General Cigar Co. has updated the logo of its Punch brand with a bolder, modernized look to command more attention in the humidor, but the new design means that the iconic Mr. Punch character has been retired from some of the boxes and bands he previously adorned, so fans of Mr. Punch will be seeing a little less of the mischievous mascot.
“When looking at the Punch portfolio holistically, there was a lot of inconsistency in branding,” says Ed Lahmann, senior brand manager for General Cigar. “For example, there were color differentiations and elements that the brand inherited, such as references to historical figures that were no longer relevant.”
Once quite ornate, Punch’s classic coat-of-arms motif has been simplified and the word “Punch” is more central to the new design.
“We omitted the elements that did not add value to the iconography of the logo,” adds Lahmann, “and modernized the logo slightly, in a nod to the strong past of the brand and the bright future that lies ahead.”
Under the new branding, most of the Punch lines have the same logo for continuity and consistency, but are now color coded for easier identification. Punch Gran Puro, for example, is coded with a yellow band under the primary logo; Punch Deluxe, a white band and Punch Clásico, blue.
The new bands first appeared on the Punch Diablo, which was released at last summer’s IPCPR trade show. Since then, General has been releasing the new boxes and bands into the market, slowly phasing out the older packaging.
This redesign is similar to General’s retooling of the Macanudo crest and logo back in 2016. “There was a strong need for a unified look to propel the brand forward,” Lahmann says.
It’s important to note that although packaging has been altered, the Punch cigar blends have not.

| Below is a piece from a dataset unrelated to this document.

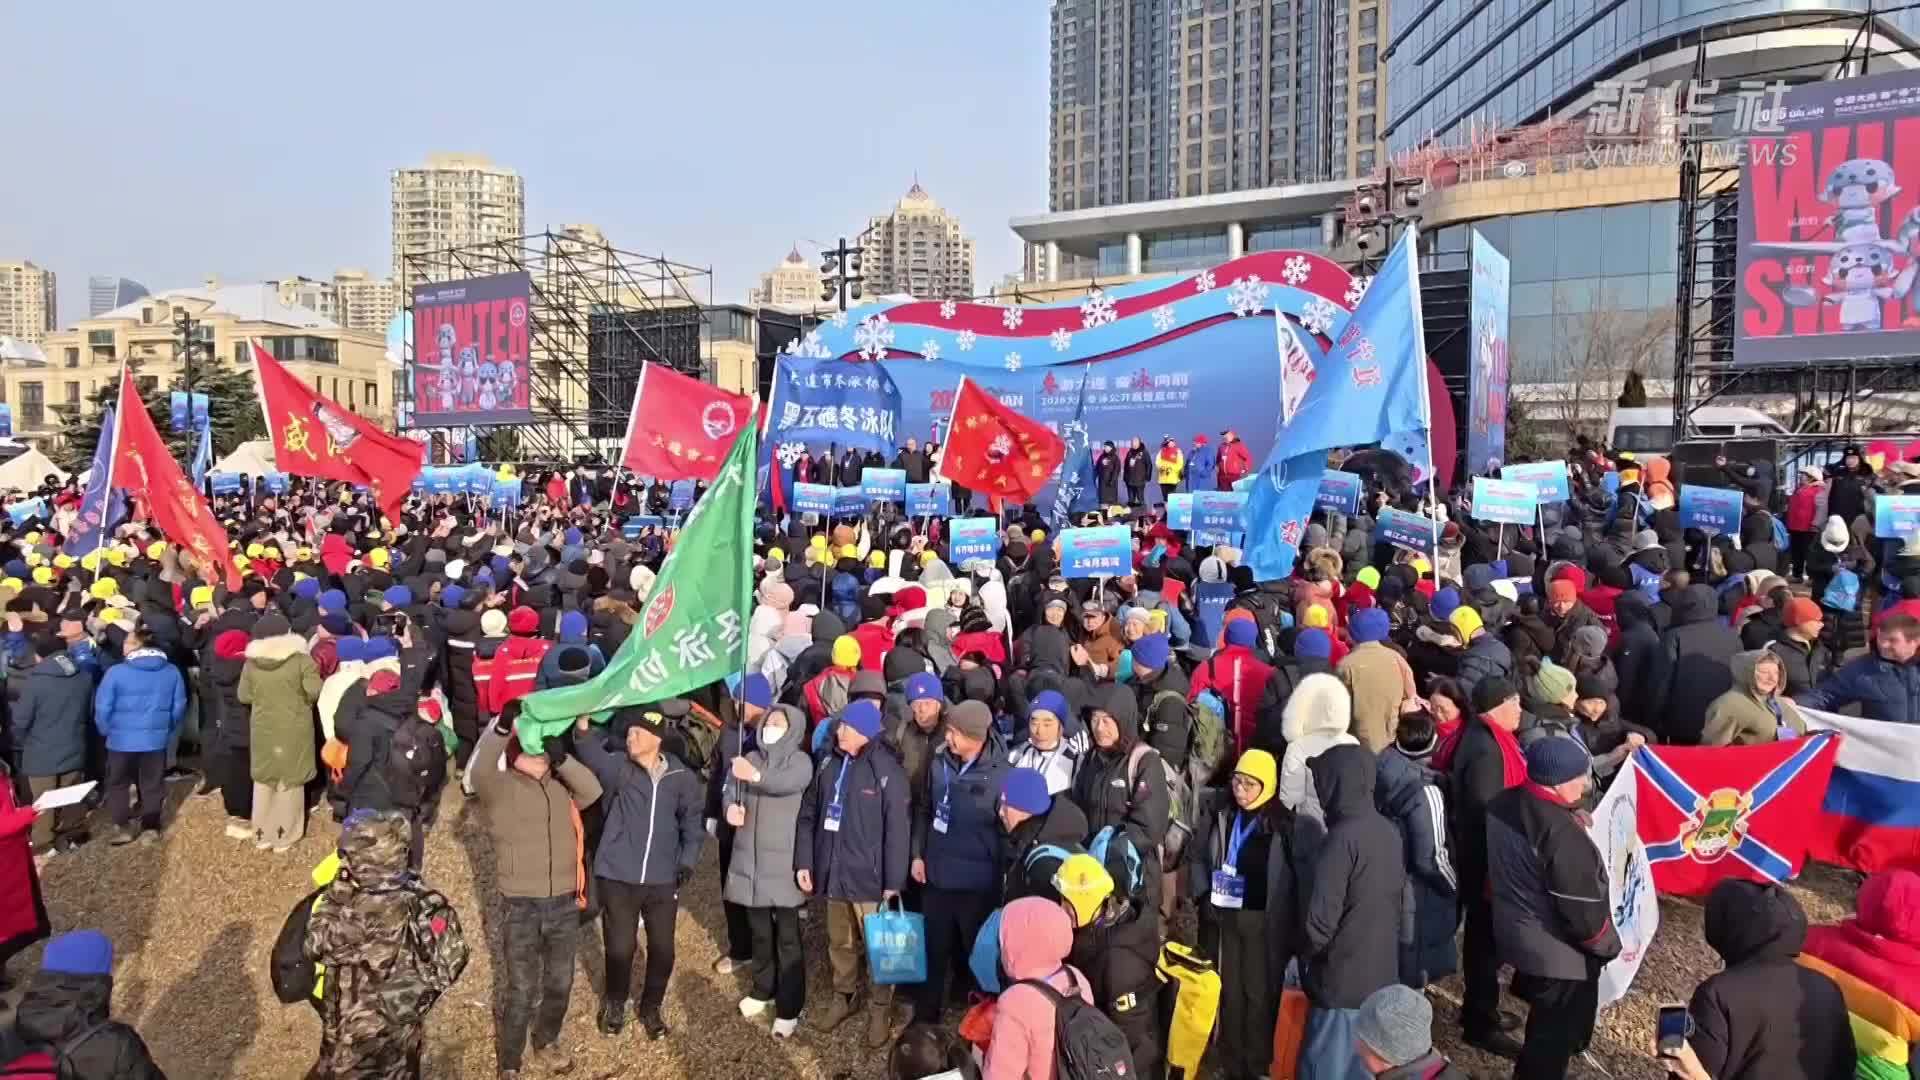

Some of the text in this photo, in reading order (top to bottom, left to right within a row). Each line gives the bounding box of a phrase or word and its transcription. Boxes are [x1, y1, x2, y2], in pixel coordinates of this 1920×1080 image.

[777, 400, 895, 441] 黑石礁冬泳队

Though absent on brands like the core Punch line (now called Punch Clásico) and Punch Rare Corojo, Mr. Punch was prominently featured on lines like the Punch Gran Puro and Gran Puro Nicaragua. While his image no longer appears on either of those lines, he isn’t gone for good. The playful punchinello can still be found on the Punch Signature and Punch Diablo brands. General still uses the Mr. Punch image for promotional purposes as well.

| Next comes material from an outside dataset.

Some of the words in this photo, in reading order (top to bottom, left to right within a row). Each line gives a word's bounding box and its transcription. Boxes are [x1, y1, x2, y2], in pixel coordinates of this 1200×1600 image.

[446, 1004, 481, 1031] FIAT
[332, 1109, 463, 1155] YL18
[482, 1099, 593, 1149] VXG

General Cigar has owned the Punch trademark for more than 20 years. It acquired the brand when it purchased Villazon & Co. in 1997, a deal that also brought the company the Hoyo de Monterrey line of cigars. With the exception of Punch Diablo, General’s Punch cigars are produced in Honduras at the Honduran American Tobacco S.A. factory (HATSA), which is owned by parent company Scandinavian Tobacco Group.